You can also listen to me and Rich Brown talk about sleep hygiene on our Across the Peak episode on same.

Tools to Help You Sleep

As we have seen, a lot of the factors around getting a good night’s sleep are behavioral, but some are environmental. You can improve your sleep environment by giving it a little care and attention. I highly prioritize sleep, and below are some of the tools I use to help me get a good night’s sleep.

Gorilla Tape

Gorilla Tape is in all of my survival kits and lists of things you should have on hand for an emergency. But did you know it is also one of my favorite tools to help you sleep? Obviously there’s the old joke that, “silence is golden, but duct tape is silver,” but that’s not what we’re talking about here. Modern bedrooms are full or annoying light sources. TVs, power strips, chargers, and everything else seems to have a glowing LED, letting you know it is on and/or charging.

All of these LEDs add up to a lot of light in your bedroom.
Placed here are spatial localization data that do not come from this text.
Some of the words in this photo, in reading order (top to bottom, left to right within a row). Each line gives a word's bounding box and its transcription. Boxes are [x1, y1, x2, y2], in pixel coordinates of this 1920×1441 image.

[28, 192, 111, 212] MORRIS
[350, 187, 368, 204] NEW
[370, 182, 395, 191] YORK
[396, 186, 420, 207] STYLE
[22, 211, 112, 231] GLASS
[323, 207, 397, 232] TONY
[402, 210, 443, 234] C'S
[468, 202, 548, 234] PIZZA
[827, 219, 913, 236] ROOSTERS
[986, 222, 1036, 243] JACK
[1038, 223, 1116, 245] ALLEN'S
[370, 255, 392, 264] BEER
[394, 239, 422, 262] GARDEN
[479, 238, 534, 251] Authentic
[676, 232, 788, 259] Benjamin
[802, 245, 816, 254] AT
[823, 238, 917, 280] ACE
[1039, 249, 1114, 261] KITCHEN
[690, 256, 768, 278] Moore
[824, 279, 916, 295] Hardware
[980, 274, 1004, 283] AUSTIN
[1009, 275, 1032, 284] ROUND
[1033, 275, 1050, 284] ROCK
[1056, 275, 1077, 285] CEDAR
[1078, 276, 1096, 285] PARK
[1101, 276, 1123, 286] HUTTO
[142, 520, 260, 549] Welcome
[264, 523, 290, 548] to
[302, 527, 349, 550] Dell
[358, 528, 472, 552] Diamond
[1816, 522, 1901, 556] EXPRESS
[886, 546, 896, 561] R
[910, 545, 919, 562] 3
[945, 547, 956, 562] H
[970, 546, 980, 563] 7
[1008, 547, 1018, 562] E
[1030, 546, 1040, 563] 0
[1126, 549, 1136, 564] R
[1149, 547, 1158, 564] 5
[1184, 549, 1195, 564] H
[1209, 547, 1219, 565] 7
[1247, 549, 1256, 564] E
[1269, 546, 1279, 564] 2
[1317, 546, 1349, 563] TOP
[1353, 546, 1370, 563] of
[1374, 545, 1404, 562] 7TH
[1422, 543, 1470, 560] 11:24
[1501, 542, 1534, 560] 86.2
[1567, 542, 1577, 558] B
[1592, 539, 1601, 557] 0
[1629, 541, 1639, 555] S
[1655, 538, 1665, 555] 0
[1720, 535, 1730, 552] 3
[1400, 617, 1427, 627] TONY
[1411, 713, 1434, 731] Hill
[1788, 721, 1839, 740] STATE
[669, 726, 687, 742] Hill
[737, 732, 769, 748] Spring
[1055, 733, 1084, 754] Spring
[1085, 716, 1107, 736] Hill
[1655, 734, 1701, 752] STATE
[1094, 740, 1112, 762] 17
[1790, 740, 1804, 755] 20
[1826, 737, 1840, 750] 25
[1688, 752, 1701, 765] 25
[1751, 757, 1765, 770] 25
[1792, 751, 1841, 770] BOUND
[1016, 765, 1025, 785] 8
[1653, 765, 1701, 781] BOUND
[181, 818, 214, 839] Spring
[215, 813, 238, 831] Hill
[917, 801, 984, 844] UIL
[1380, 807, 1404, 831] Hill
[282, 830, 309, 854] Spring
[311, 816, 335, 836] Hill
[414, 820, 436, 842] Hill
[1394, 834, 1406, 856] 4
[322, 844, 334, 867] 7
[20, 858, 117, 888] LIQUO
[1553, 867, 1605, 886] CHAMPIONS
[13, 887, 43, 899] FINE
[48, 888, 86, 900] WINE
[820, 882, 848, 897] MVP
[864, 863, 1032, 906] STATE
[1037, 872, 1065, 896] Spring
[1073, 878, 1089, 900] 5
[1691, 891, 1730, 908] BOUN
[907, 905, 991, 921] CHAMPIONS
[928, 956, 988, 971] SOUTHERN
Darkness is really important for good sleep, so I used Gorilla Tape to cover these LEDs. This one, single step will make your bedroom darker and probably modestly improve your sleep. I like Gorilla Tape specifically because it is very sticky and it blocks light well.

Light Blocking Curtains

Darkness is critical to good sleep! The darker it is, the better you will sleep. I moved to a new place recently, and although it is waaay out in the country and surrounded by cow pasture, there is a “security light” on a light pole in my driveway. This made the bedroom very, very bright. I put up regular curtains but this didn’t help much. Next, I tried several things and finally went for broke with 100% blackout curtains.
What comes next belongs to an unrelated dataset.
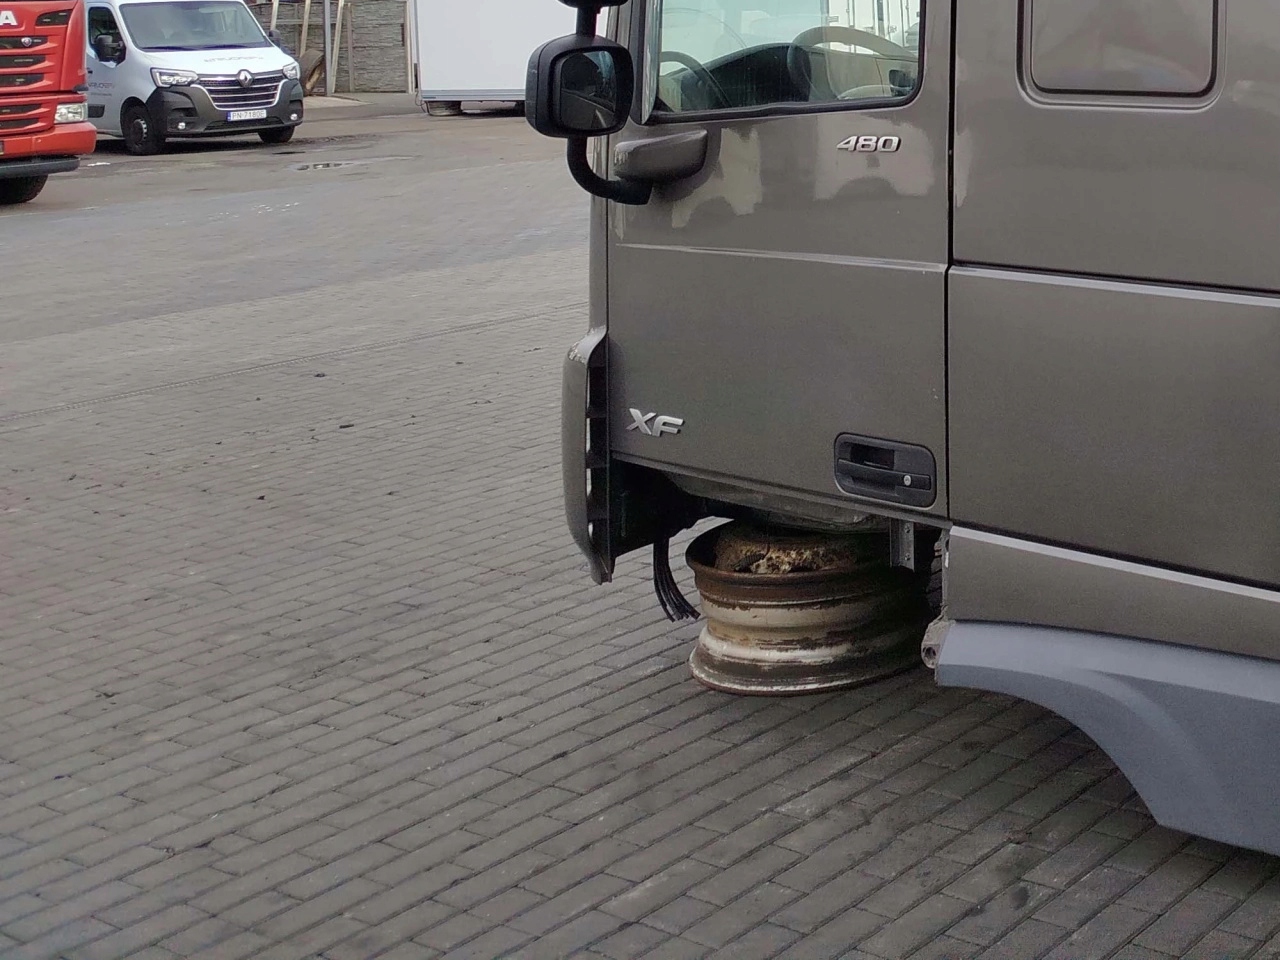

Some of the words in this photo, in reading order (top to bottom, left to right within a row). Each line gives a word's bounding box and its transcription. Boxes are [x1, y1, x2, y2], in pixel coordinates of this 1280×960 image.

[232, 112, 242, 120] PN
[836, 135, 901, 152] 480
[625, 407, 685, 437] XF
I ordered some FEQO Blackout Curtains and have been extremely satisfied. In fact, this is the single biggest tool I have employed to help me sleep. This isn’t so much a curtain as a piece of material that you stretch out over the window. Silver on one side to reflect light, and black on the other, this material makes my room VERY dark.

The silver isn’t super noticeable from the outside, and with a standard curtain on the inside you don’t notice the blackout material, yet it keeps the room in near-total darkness. The material was easy to cut to the fit of each window and hanging them was easy with the provided adhesive Velcro tabs. Gaps were filled with – what else? – Gorilla Tape!

Noise Machine

Generally quiet is preferred over noise, but white noise can help you sleep. White noise can help cover up and smooth out sounds that would keep you awake, like passing traffic. It can also be a boon in very quiet environments where the slightest sound will snap you out of your slumber. I recently embraced this due to how eerily quiet it is at my new place out in the country.
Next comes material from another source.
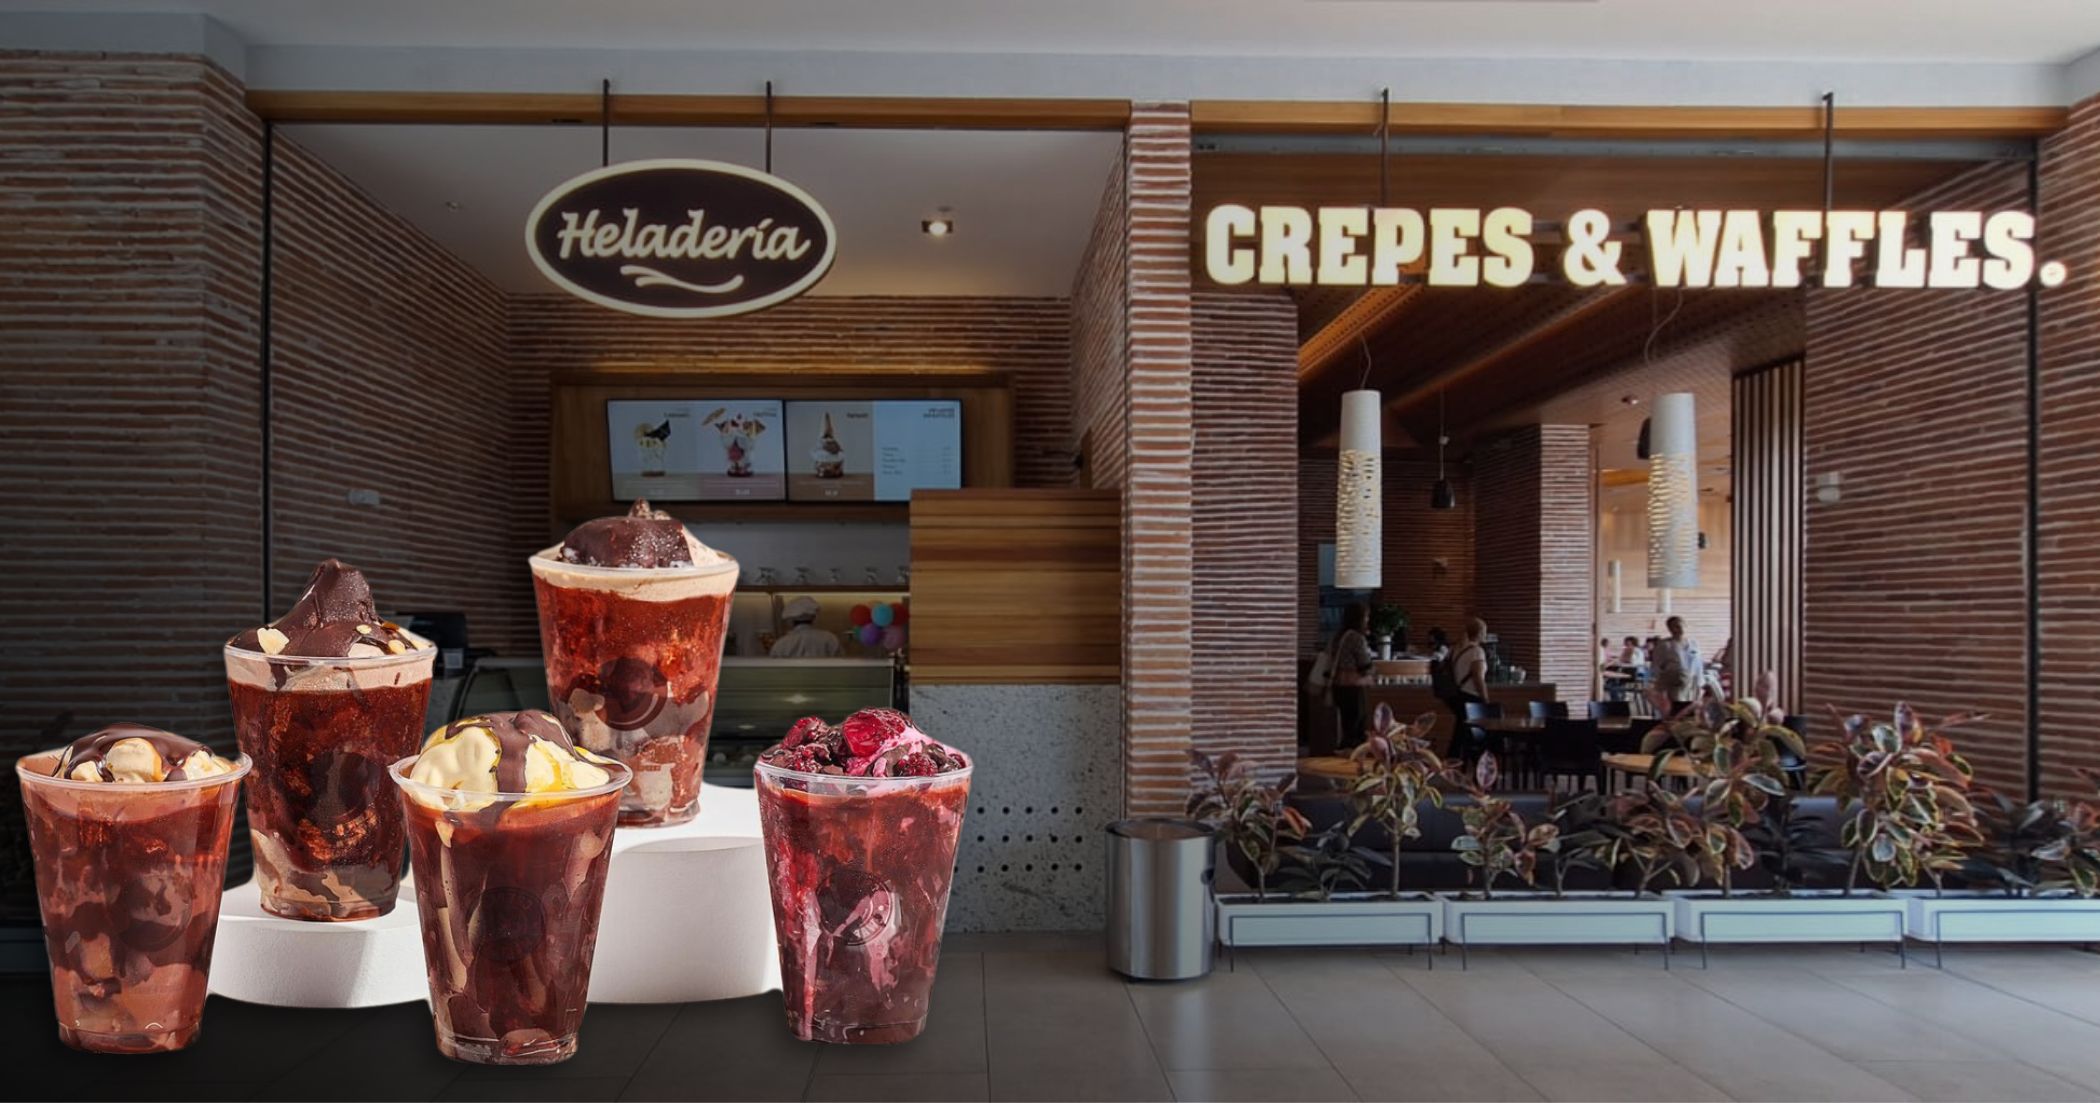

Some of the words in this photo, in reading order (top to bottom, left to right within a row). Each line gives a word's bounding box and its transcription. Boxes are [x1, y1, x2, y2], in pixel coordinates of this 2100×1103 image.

I bought a MagicTeam Sound Machine and it has become one of my favorite tools to help you sleep, and what gave me the idea for this article. Since I’ve had it I’ve yet to sleep a night at home without it. It has twenty sound settings, including a babbling brook, ocean waves, and fans running. I happen to really like the rain-on-the-room setting. I did find that this sound machine had several LEDs that, in the pitch darkness of my room, were way too bright. That was an easy fix with some of my Gorilla Tape.

An Excellent Mattress

Yes, I sleep on a mattress purchased through Amazon. it’s fairly inexpensive (as mattresses go) but it is really comfortable. My mattress is the Casper Sleep Element Mattress. It is a foam mattress that is not too hard or too soft. Mine is a king, but it also comes in Twin, Twin XL, Full, Queen, and California King. It sits on a Casper Sleep Box Foundation.

Couple your new mattress with excellent pillows, a down comforter, and some high-quality sheets (hey, it’s 1/3 of your life!) and you’ll be good to go!